European Semester Autumn Package: Promising shift in language in the 2018 Annual Growth Survey

On November 22, the European Commission published this years' European Semester Autumn Package. The package, which includes the 2018 Annual Growth Survey (AGS), jumpstarts the next European Semester, the EU's annual cycle of national economic policy coordination. Compared to previous editions, CESI welcomes a shift of language in this year's AGS towards social and investment aspects of economic governance in the Member States.

European Semester Autumn Package: Promising shift in language in the 2018 Annual Growth Survey

As in previous years, the AGS makes no mention of the Europe 2020 Strategy, once created as the EU’s overarching flagship initiative for sustainable and inclusive jobs and growth.

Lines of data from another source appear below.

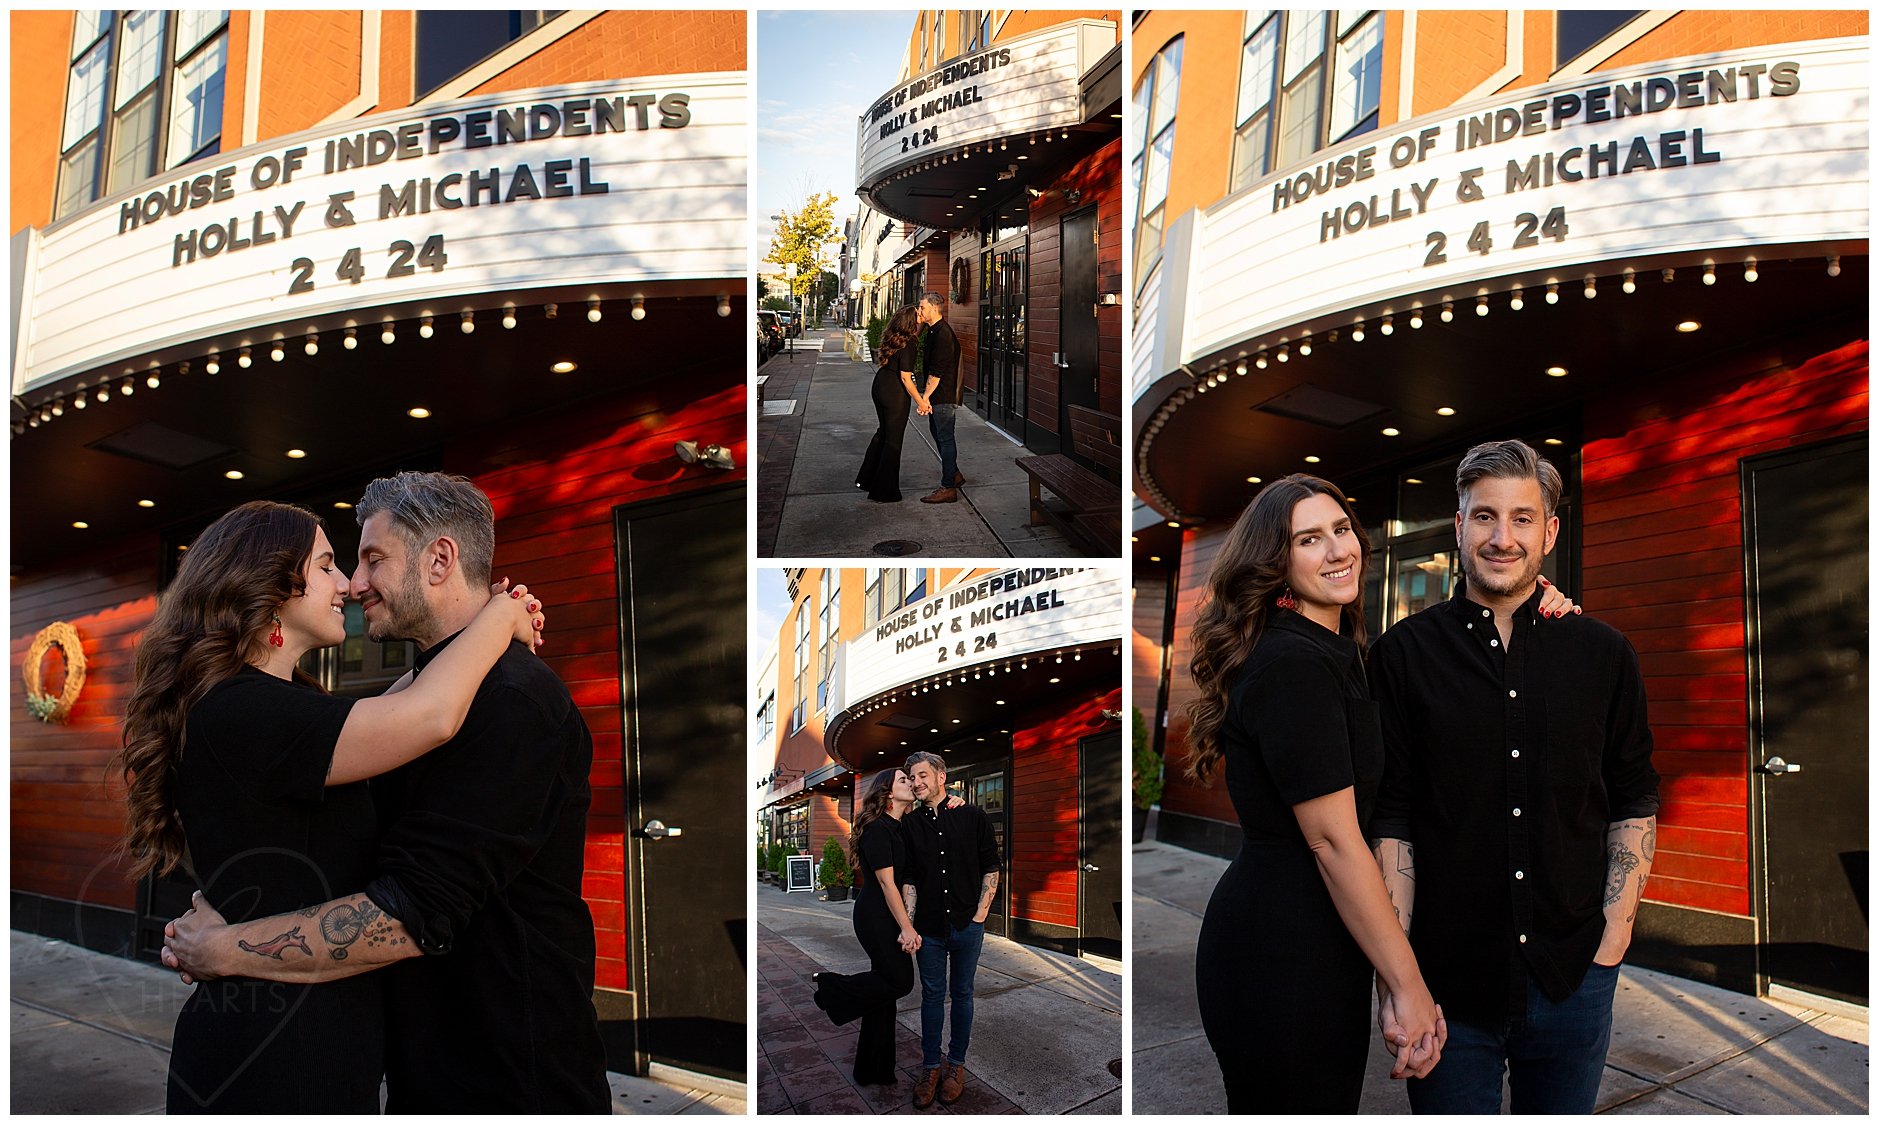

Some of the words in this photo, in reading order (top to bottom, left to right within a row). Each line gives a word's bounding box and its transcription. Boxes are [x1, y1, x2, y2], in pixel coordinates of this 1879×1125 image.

[871, 95, 893, 124] HOUSE
[895, 88, 908, 108] OF
[909, 48, 1011, 100] INDEPENDENTS
[880, 112, 906, 140] HOLLY
[921, 85, 982, 120] MICHAEL
[119, 166, 236, 235] HOUSE
[252, 147, 307, 191] OF
[325, 93, 691, 175] INDEPENDENTS
[901, 137, 909, 153] 2
[912, 132, 919, 148] 4
[923, 125, 938, 145] 24
[1272, 146, 1376, 214] HOUSE
[1390, 127, 1441, 171] OF
[1456, 61, 1800, 153] INDEPENDENTS
[173, 201, 305, 267] HOLLY
[324, 191, 355, 229] &
[380, 157, 609, 220] MICHAEL
[1320, 177, 1439, 242] HOLLY
[1457, 168, 1484, 203] &
[1507, 128, 1721, 195] MICHAEL
[289, 257, 314, 295] 2
[337, 247, 364, 285] 4
[387, 234, 447, 279] 24
[1424, 232, 1447, 267] 2
[1467, 221, 1493, 257] 4
[1514, 206, 1569, 251] 24
[876, 609, 917, 642] HOUSE
[923, 598, 944, 620] OF
[896, 622, 943, 654] HOLLY
[950, 616, 962, 633] &
[971, 589, 1064, 628] MICHAEL
[938, 647, 947, 663] 2
[955, 641, 966, 657] 4
[974, 632, 997, 653] 24
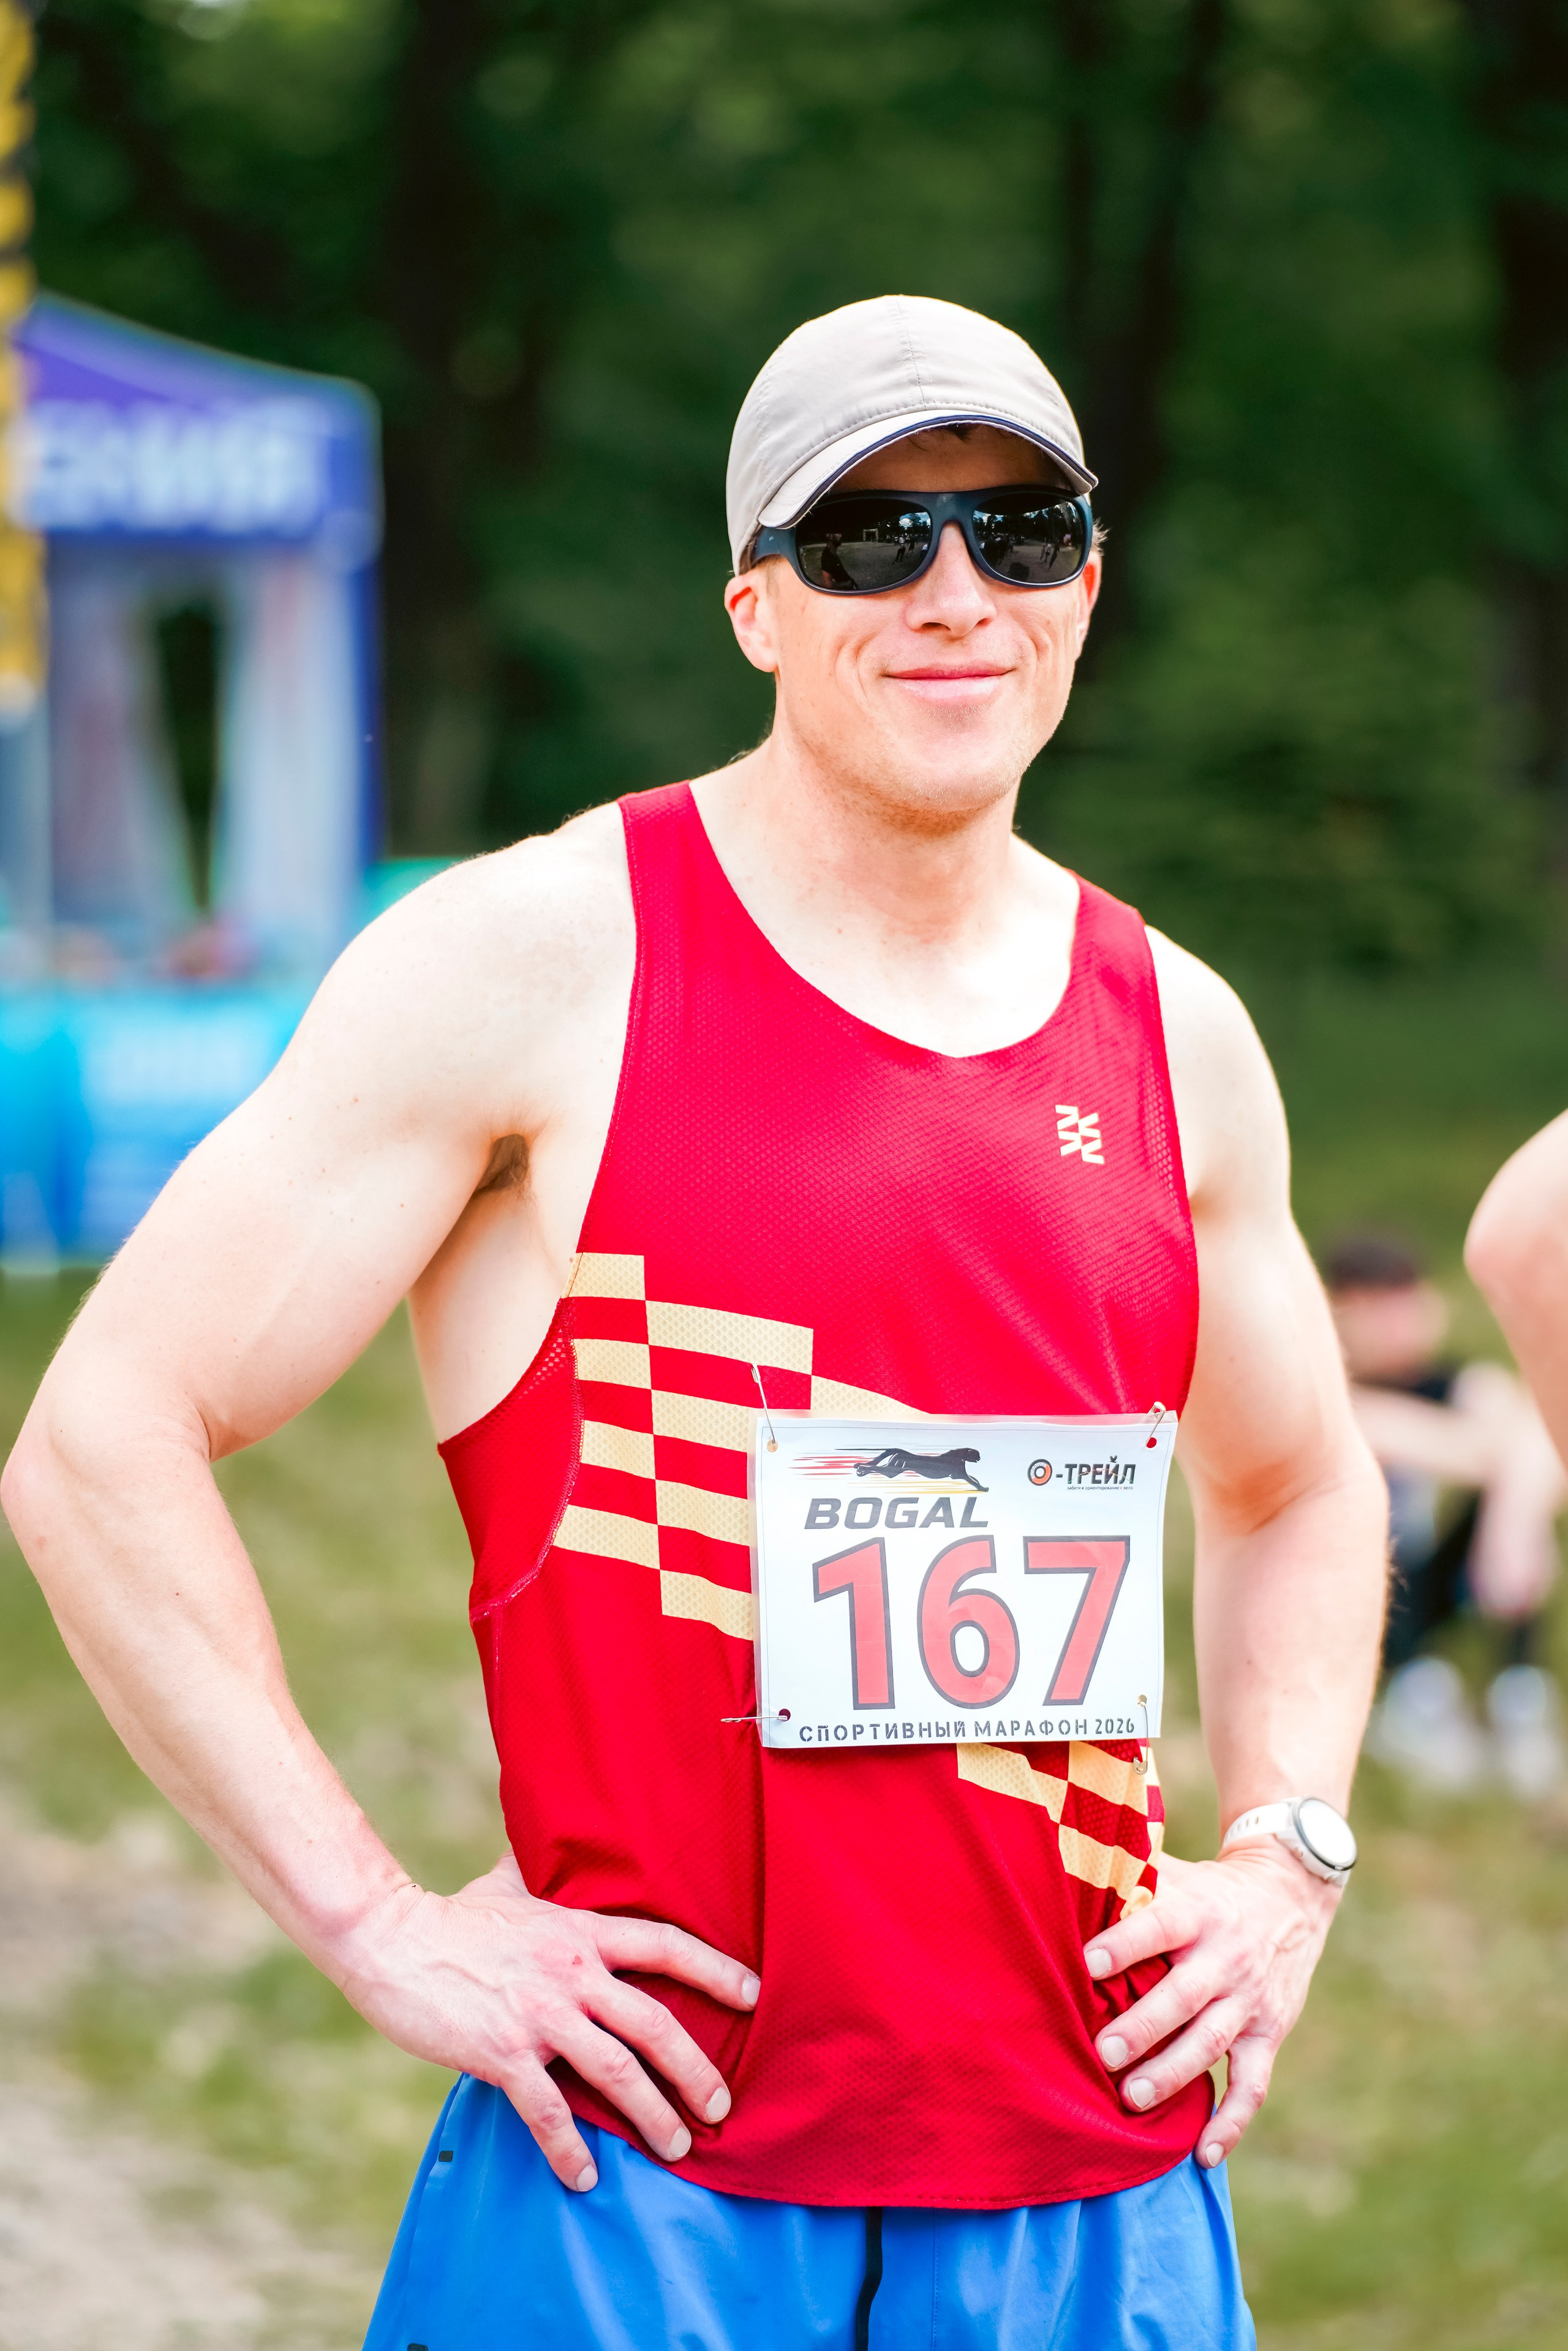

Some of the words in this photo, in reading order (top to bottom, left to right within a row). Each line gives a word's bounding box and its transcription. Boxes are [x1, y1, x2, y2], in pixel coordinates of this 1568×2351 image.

[804, 1496, 989, 1530] BOGAL
[812, 1534, 1131, 1710] 167
[799, 1720, 966, 1742] СПОРТИВНЫЙ
[974, 1719, 1087, 1737] МАРАФОН
[1095, 1718, 1134, 1734] 2026

However, it is possible that the new European Pillar of Social Rights, proclaimed at the Gothenburg Social Summit two weeks ago, can in the future serve as a social counterweight in a European Semester which has in the past years been too much dominated by pure economic considerations.

CESI Secretary General Klaus Heeger said: “This year’s Annual Growth Survey explicitly refers to the European Pillar of Social Rights as a compass to identify the economic and social priorities for the EU and its Member States, and it makes explicit reference to many of the objectives put forward in it. However, using the European Semester to implement the European Pillar of Social Rights in the Member States means that the promising messages of the AGS also need to be reflected in the final country-specific recommendations next year.”

According to CESI, implementing the European Pillar of Social Rights will not be for free. CESI has consistently raised the importance of more investments in essential services such as accessible and affordable childcare, healthcare, education and training, and active labour market policies and stressed that in the social remit this is crucial especially for disadvantaged groups and in the economic sphere it is a precondition for continued growth. Klaus Heeger added: “Unequal societies and economies are not sustainable in the long run. I am glad to see that these considerations are given a much more prominent place than in previous Annual Growth Surveys.”

There is still a way to go to firmly root social progress in the EU’s economic governance and fiscal coordination framework, but content-wise there has already been a clear shift in language in the 2018 edition of the AGS. At the same time, the governance of the European Semester has yet to become more inclusive. Klaus Heeger concluded: “According to CESI, all workers count. Opportunities for input especially for sectoral social partners and independent and smaller trade unions should be provided throughout the European Semester cycle.”